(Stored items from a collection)
*** Begin section ***

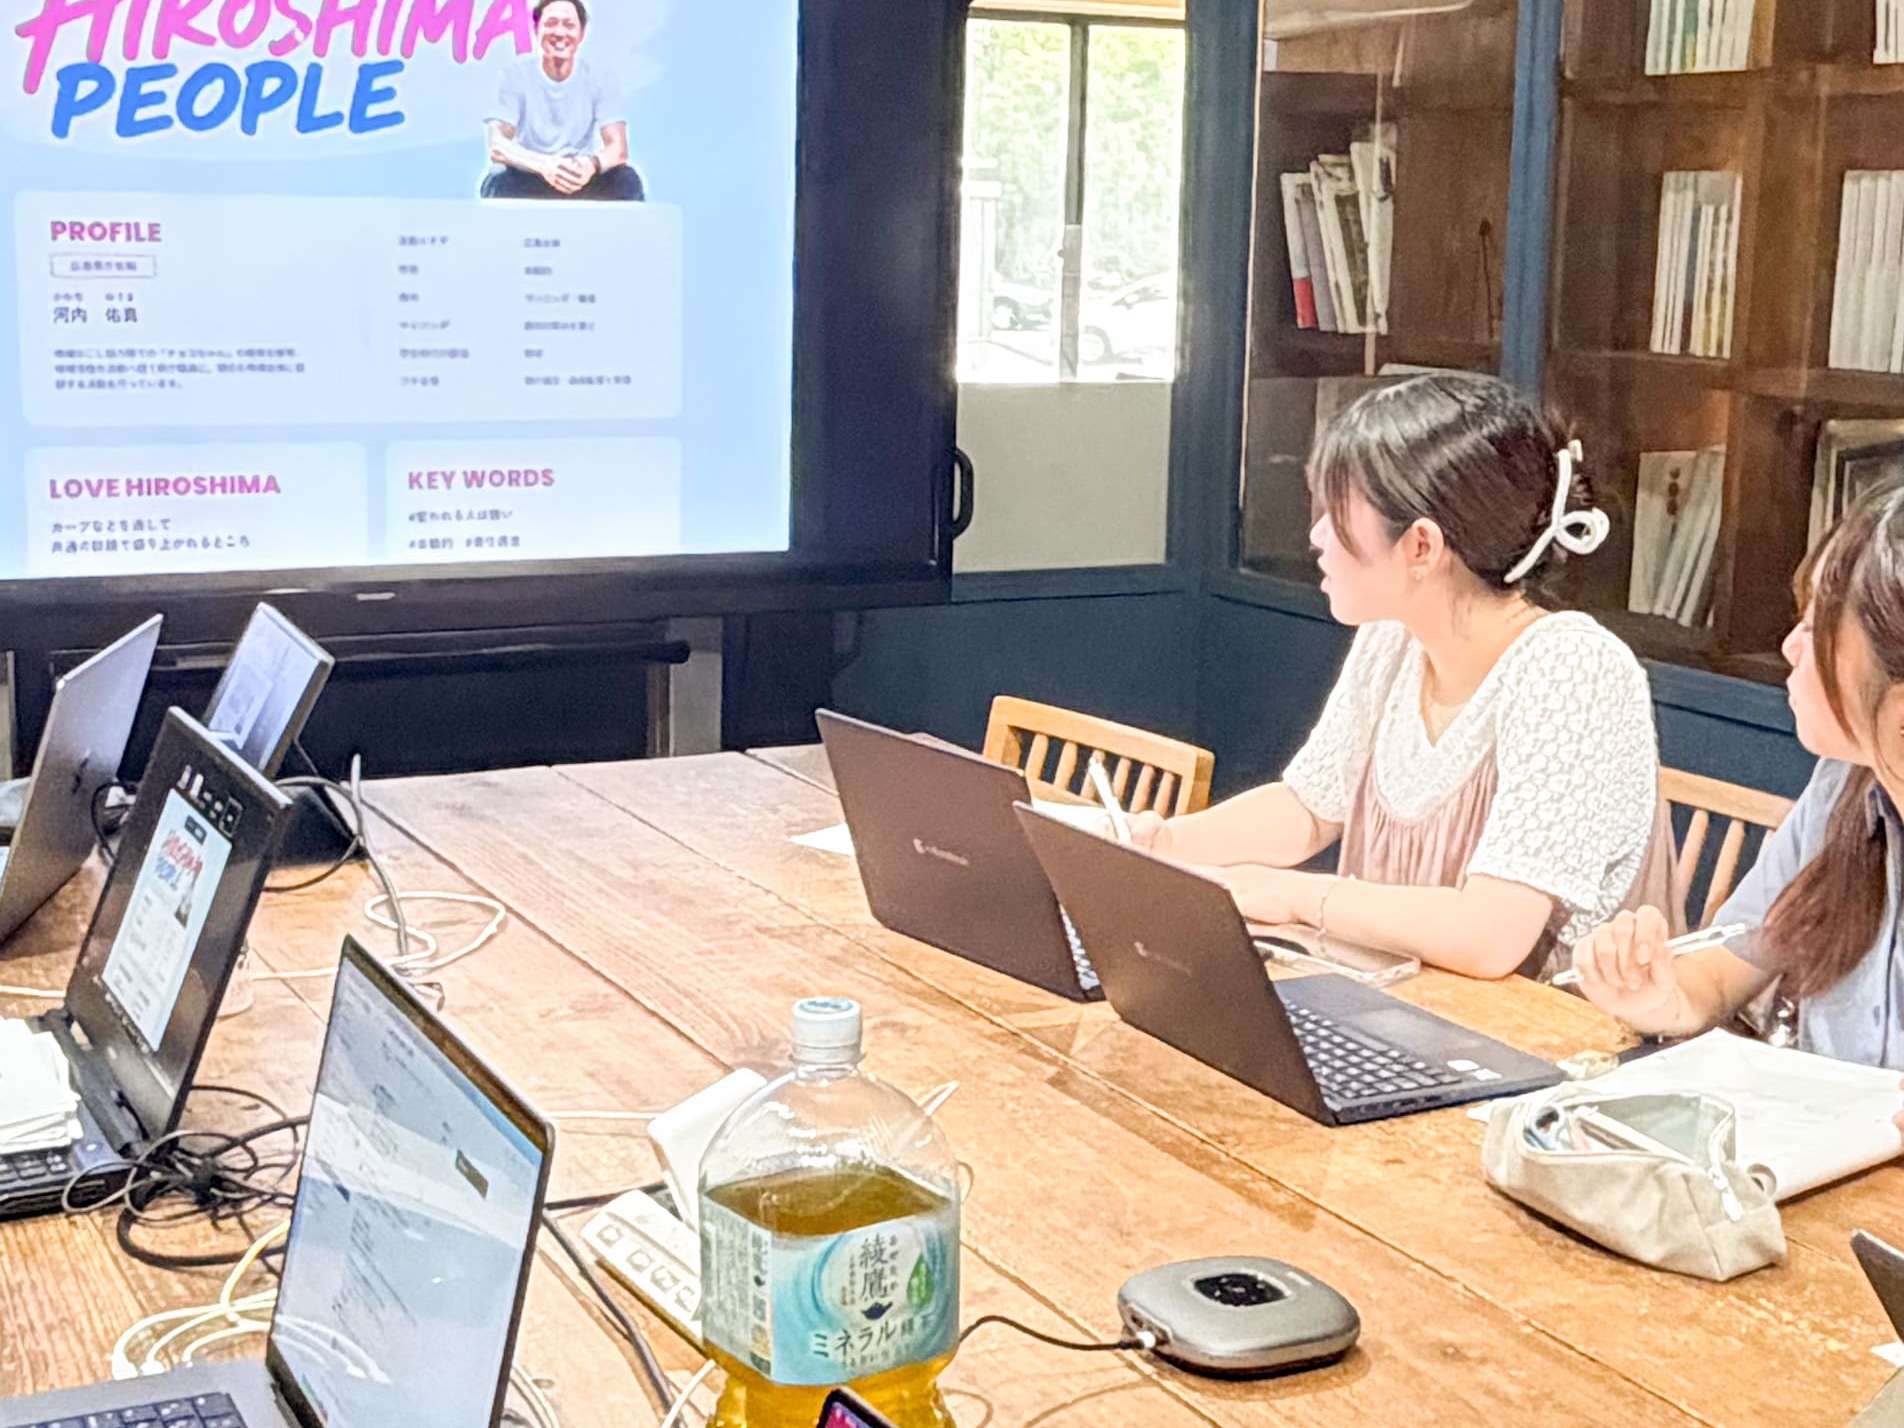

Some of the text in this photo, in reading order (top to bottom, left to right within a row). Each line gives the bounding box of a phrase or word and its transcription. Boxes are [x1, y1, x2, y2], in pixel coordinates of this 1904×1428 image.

[51, 60, 405, 138] PEOPLE
[50, 220, 162, 243] PROFILE
[49, 474, 281, 499] LOVE HIROSHIMA
[408, 468, 555, 490] KEY WORDS

*** End section ***

Work instructions - Quote the records above in full, dropping each picture.

Expected answer -
Some of the text in this photo, in reading order (top to bottom, left to right within a row). Each line gives the bounding box of a phrase or word and its transcription. Boxes are [x1, y1, x2, y2], in pixel coordinates of this 1904×1428 image.

[51, 60, 405, 138] PEOPLE
[50, 220, 162, 243] PROFILE
[49, 474, 281, 499] LOVE HIROSHIMA
[408, 468, 555, 490] KEY WORDS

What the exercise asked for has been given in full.